Freezers have been used to store mortality in the South for more than 30 years. “This is a proven technology, but it didn’t exist here. We think it’s because composting was adopted across the board.”

The Natural Resources Conservation Service (NRCS) cost shares 75 percent of the freezers and concrete pads. In Delaware, farmers are reimbursed for 75 percent of the collection fee, which averages $300 to $400 depending on mileage and the number of freezers, as part of the manure relocation program.

Terry reports the Chesapeake Bay Program is studying mortality management methods, including composting, incineration, landfill disposal, and freezing and rendering. The panel will determine the credits that states get toward their nutrient reduction goals. “As soon as the panel’s work is done, the state will get retro credit for everything they’ve done for the past three years, if the assessment is positive,” says Terry. Freezers already have interim Best Management Practice (BMP) status. 

In addition to reducing runoff, smell, flies and vermin, Terry says freezing reduces labor and time spent composting. “We have estimated that one farmer who composts can take care of four chicken houses, but if you add freezers, you’d free up enough time for the farmer to take care of another chicken house.

“If you compost properly, it’s a lot of work, whereas with the freezers, you open the door, place it in, and close the door. That’s the last time the farmer has anything to do with it.”

Terry’s conservation efforts also include a 222 kilowatt solar installation that went online in 2018. It produces 110 percent of the power used on the farm. “I used to average $38,000 per year for electricity bills. My payments for the panels are only $32,000 so it’s saving $6,000 per year right off the top. In 12 years, I will own the panels.”

The system conserves both electricity and cash. Terry says, “I get depreciation and 30 percent tax credits.” Additionally, the Energize Delaware program offers two percent interest loans and Delmarva Power buys “S Reg credits” for an extra $8,000 a year or so for 10 years.

Terry’s farm could be a model site for conservation planting projects. He has planted Miscanthus grass in front of his tunnel fans. The grass “sucks up ammonia and dust particles so they don’t spread into the atmosphere. Some other plants won’t live in front of the fans, but that does.”

He planted a mix of evergreens and deciduous trees when he built his latest chicken houses. They block the wind, so winter heating costs go down, he explains.

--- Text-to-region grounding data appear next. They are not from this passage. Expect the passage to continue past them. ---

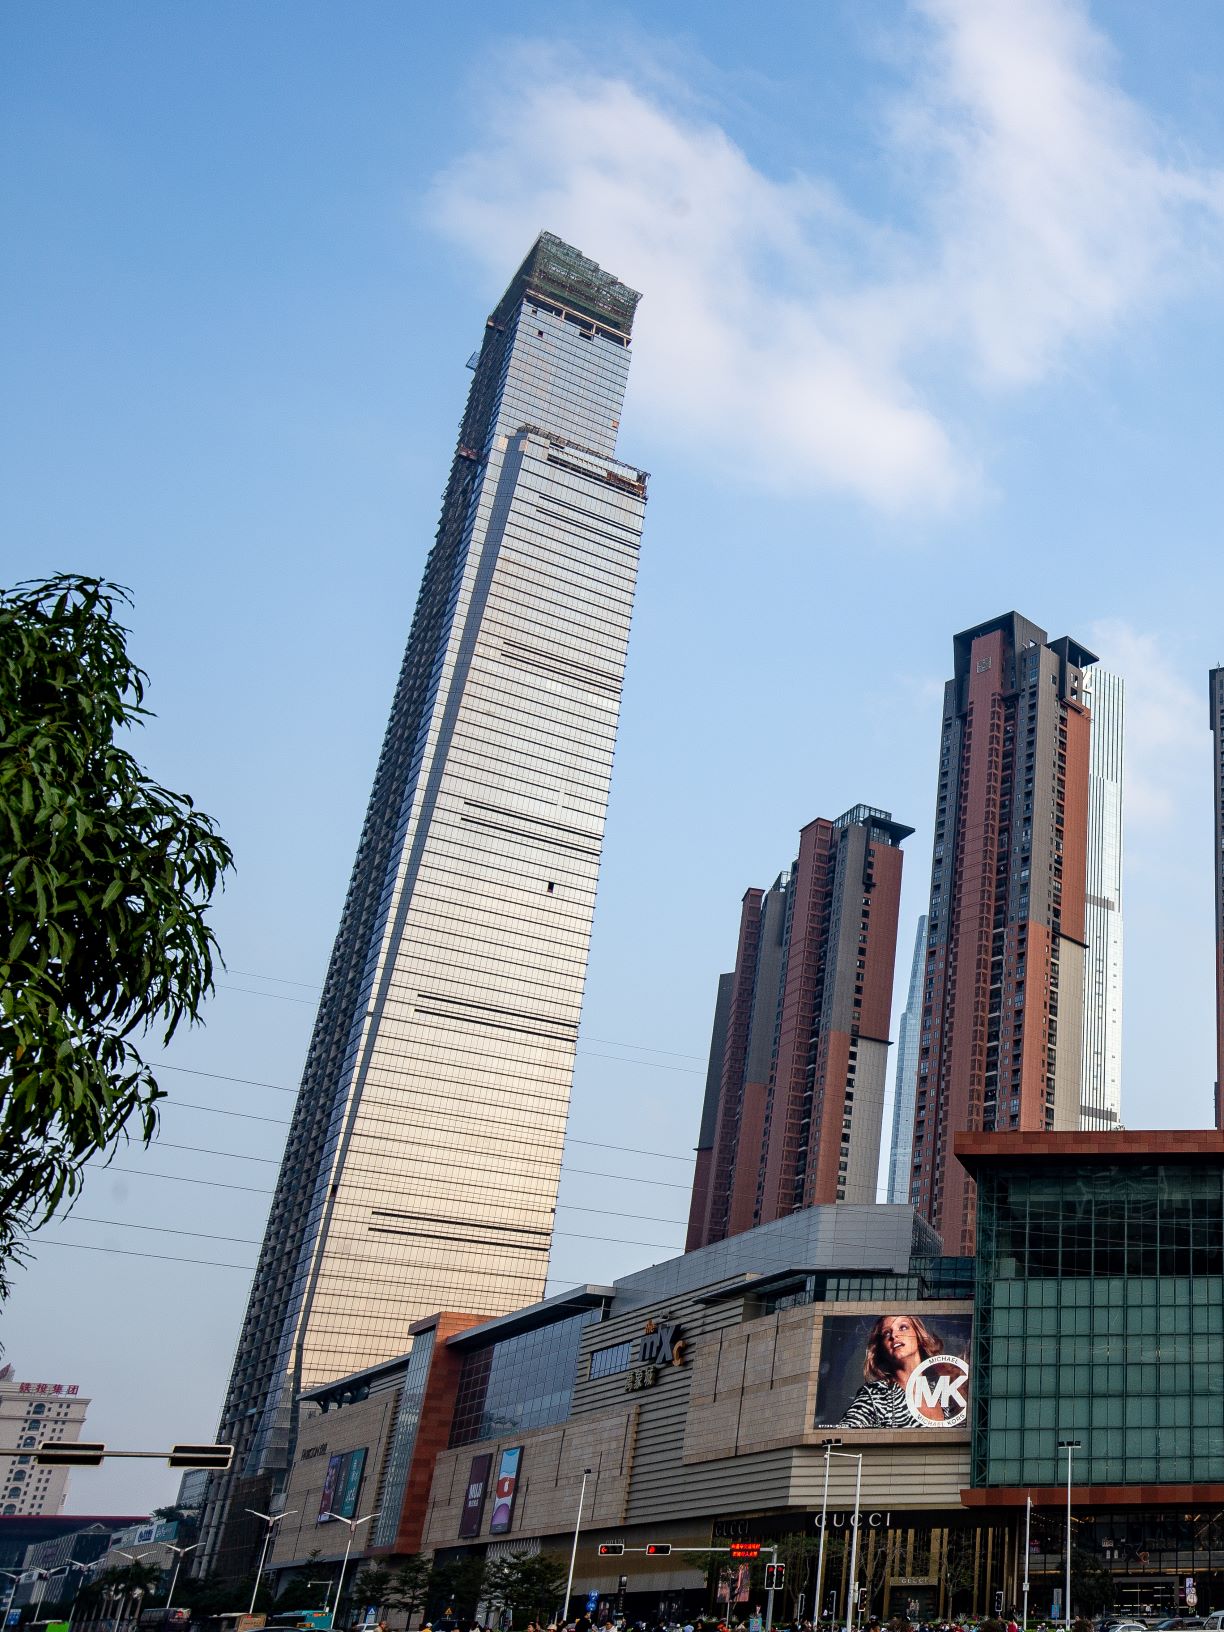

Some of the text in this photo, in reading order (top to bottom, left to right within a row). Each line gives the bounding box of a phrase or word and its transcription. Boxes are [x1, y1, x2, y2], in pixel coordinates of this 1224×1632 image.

[928, 1356, 959, 1365] MICHAEL
[19, 1382, 80, 1395] 铁投集团
[914, 1375, 968, 1408] MK
[916, 1413, 966, 1427] MICHAEL KORS
[814, 1512, 891, 1528] GUCCI
[715, 1519, 749, 1537] GUCCI
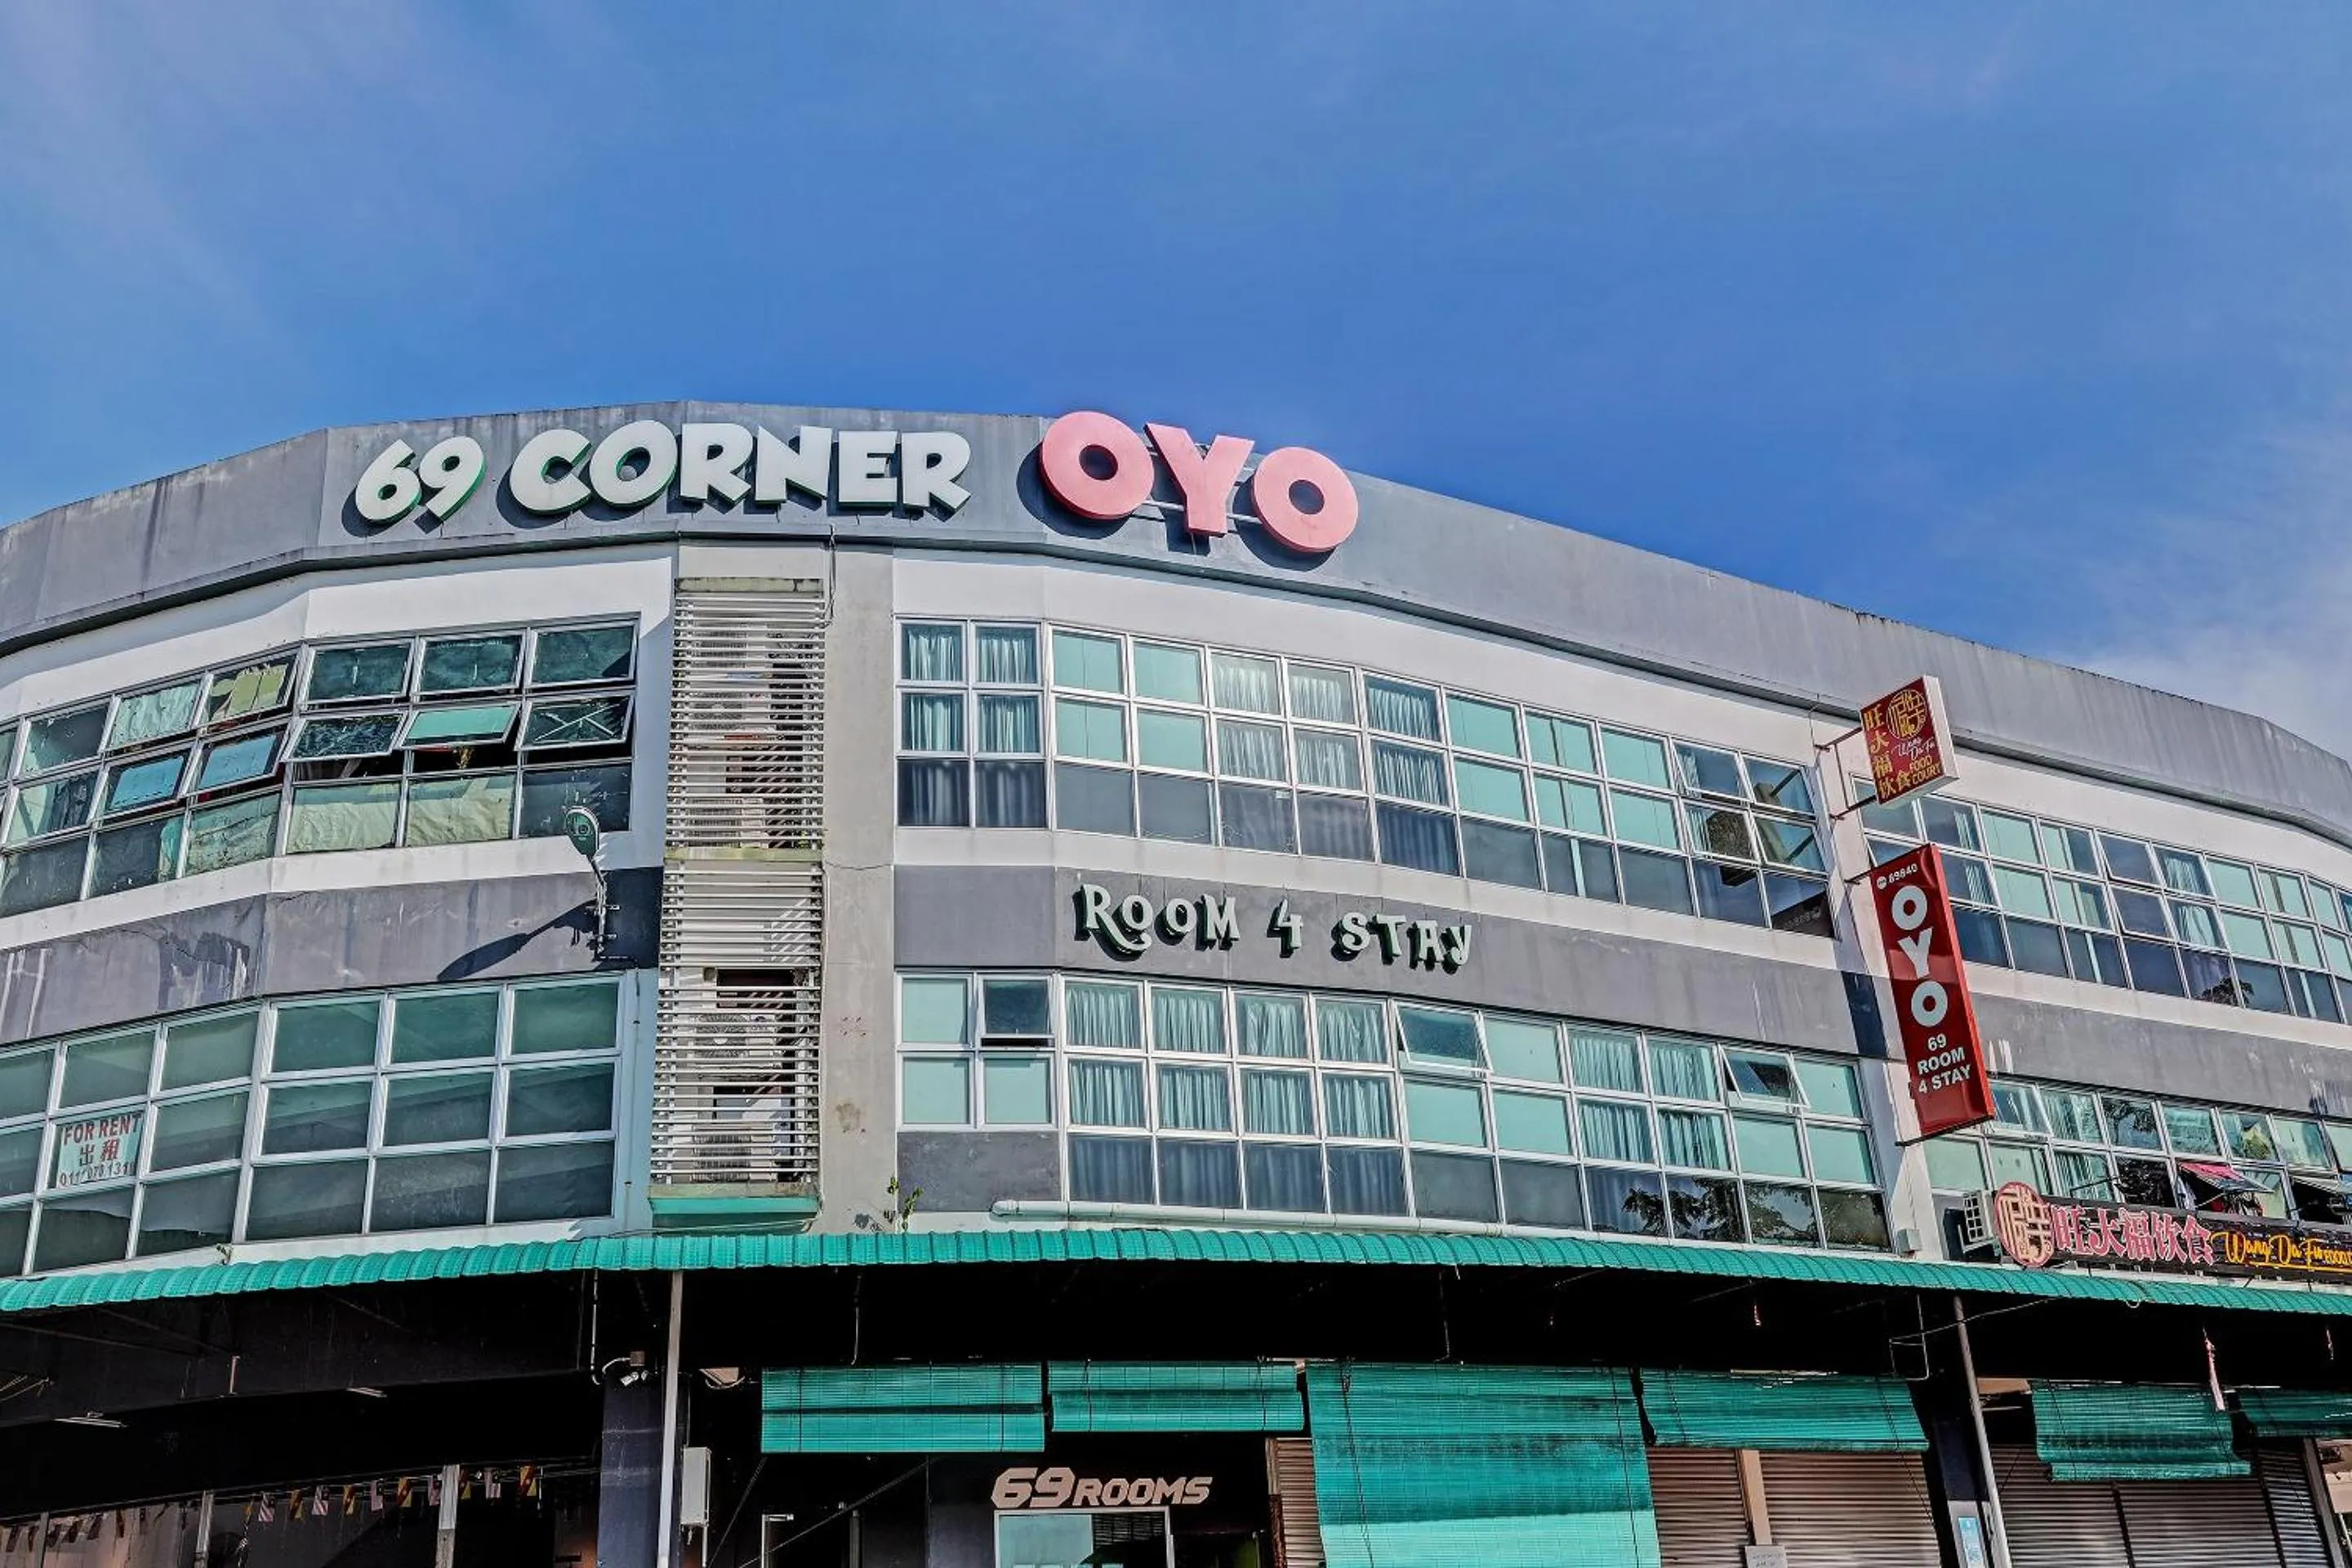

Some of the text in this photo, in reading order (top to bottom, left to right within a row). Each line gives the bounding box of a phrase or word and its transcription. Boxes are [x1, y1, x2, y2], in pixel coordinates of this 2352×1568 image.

[355, 420, 972, 524] 69 CORNER
[1040, 411, 1358, 552] OYO
[1909, 755, 1932, 774] FOOD
[1913, 761, 1941, 785] COURT
[1082, 884, 1472, 966] ROOM 4 STAY
[1891, 885, 1948, 1027] OYO
[1928, 1033, 1946, 1051] 69
[1918, 1047, 1965, 1075] ROOM
[1918, 1064, 1971, 1093] 4 STAY
[64, 1113, 141, 1145] FOR RENT
[2211, 1232, 2270, 1263] Wang
[2269, 1235, 2301, 1264] Da
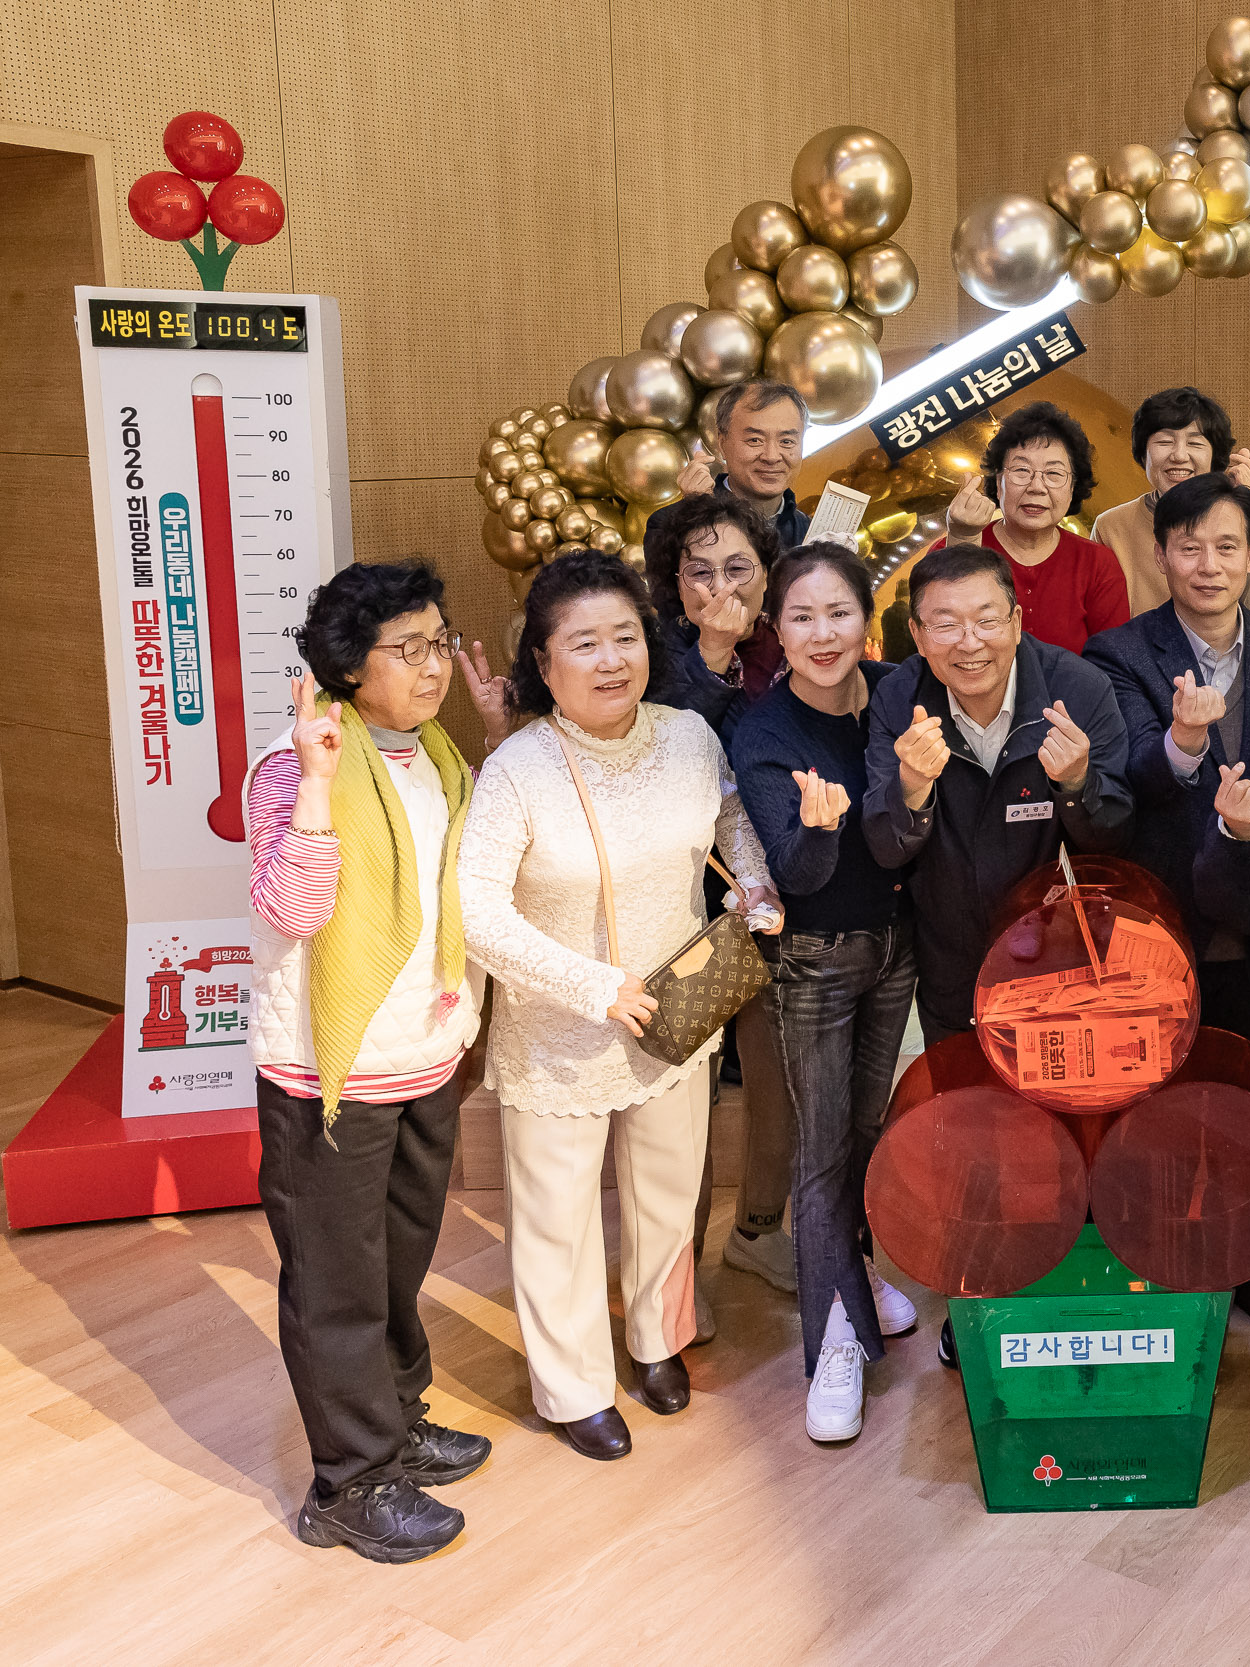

Also, “transpiration cools the air. I planted the evergreens and trees between the houses, so in the summertime when you suck the air into the houses, it’s cooler air and you get better livability of the birds.”

A quarter to half acre bee pollinator garden reduces grass cutting, which saves “fuel, the environment, the bees, and time.” There is also a bog to filter rainwater. “Nobody’s paying for that. It collects the rainwater that filters through the ditch and cleans up anything that is being washed into the ditches.”

For his extensive conservation work, Terry was awarded the 2018 Environmental Steward of the Year award by the US Poultry and Egg Association. His efforts with the poultry freezers, solar panels and bee pollinator garden are making a lasting impact to protect our bountiful environment.